*TASK GOAL*
Wherever a picture appears, leave it out, and transcribe the rest of the records exactly.

(DATA EXTRACT Opens)

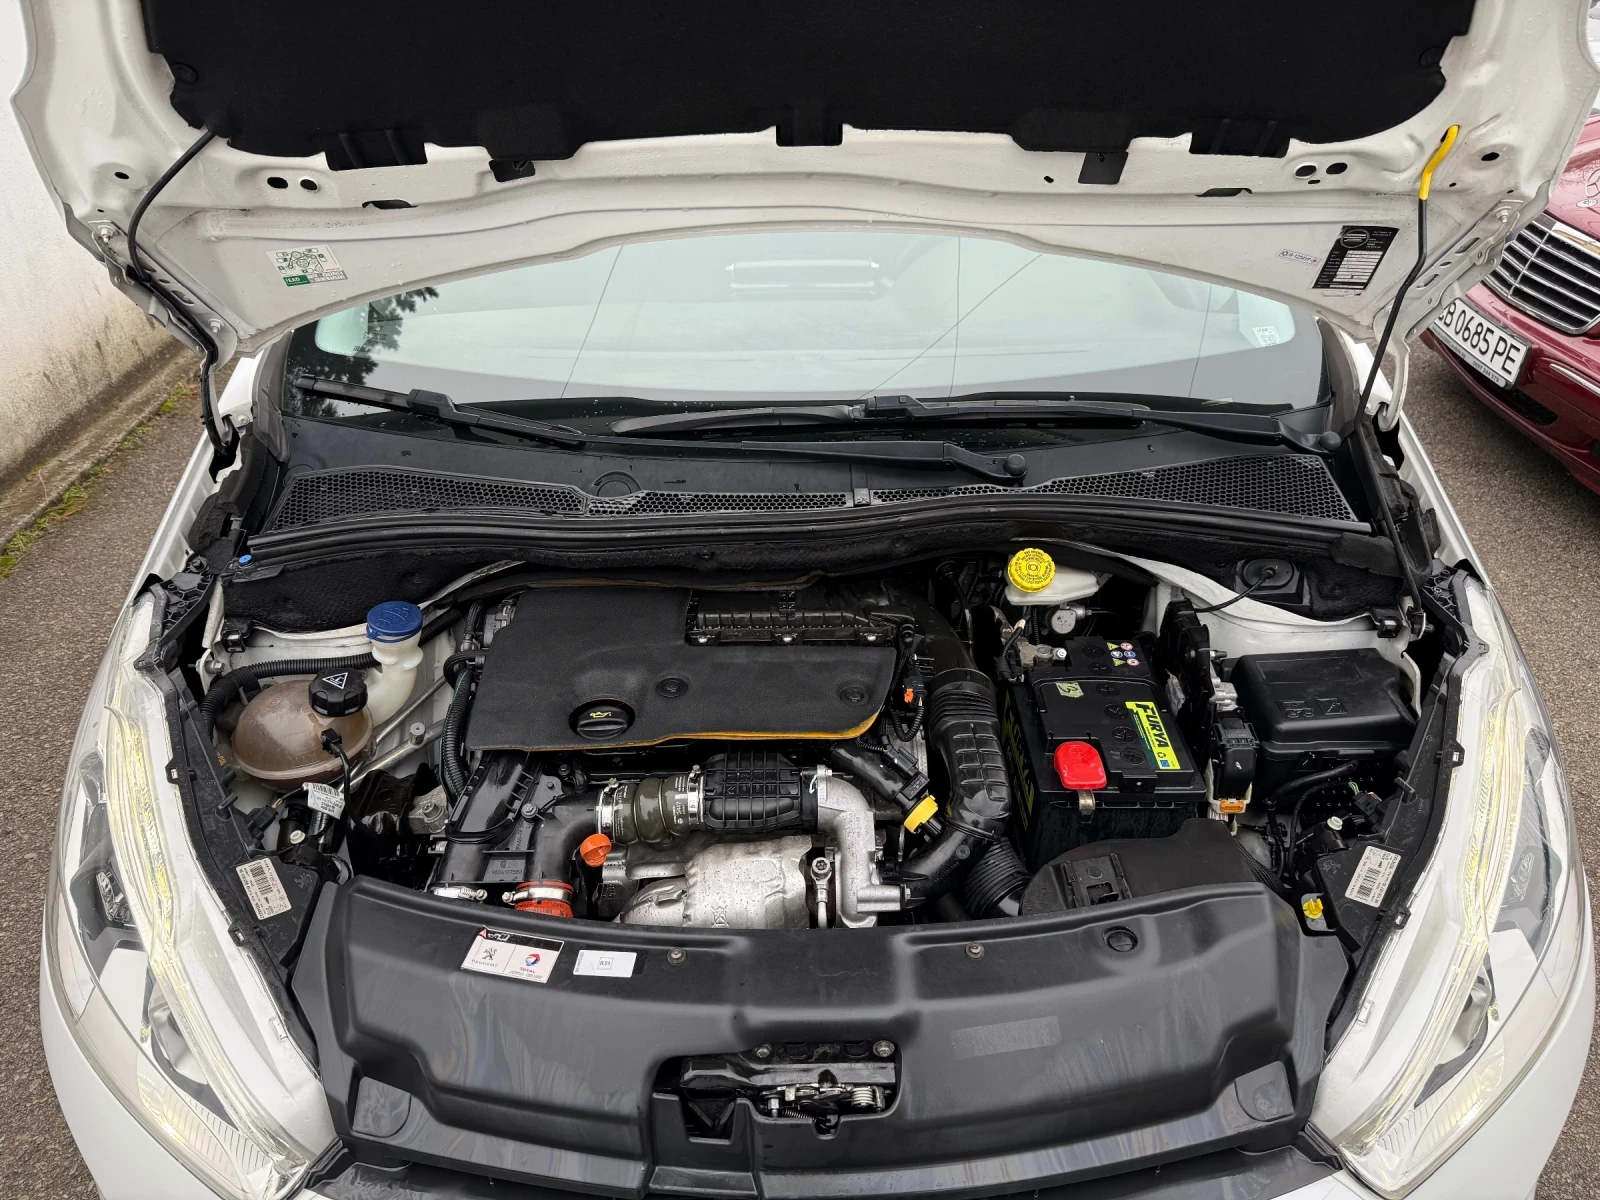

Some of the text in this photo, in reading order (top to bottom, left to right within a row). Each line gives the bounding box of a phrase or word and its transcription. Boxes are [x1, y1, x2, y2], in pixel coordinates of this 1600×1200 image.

[1438, 301, 1457, 328] B
[1454, 309, 1495, 356] 0685
[1489, 330, 1521, 376] PE
[1134, 702, 1170, 748] FURYA
[471, 959, 498, 968] PEUGEOT

(DATA EXTRACT Closes)

*ANSWER AREA*
Some of the text in this photo, in reading order (top to bottom, left to right within a row). Each line gives the bounding box of a phrase or word and its transcription. Boxes are [x1, y1, x2, y2], in pixel coordinates of this 1600×1200 image.

[1438, 301, 1457, 328] B
[1454, 309, 1495, 356] 0685
[1489, 330, 1521, 376] PE
[1134, 702, 1170, 748] FURYA
[471, 959, 498, 968] PEUGEOT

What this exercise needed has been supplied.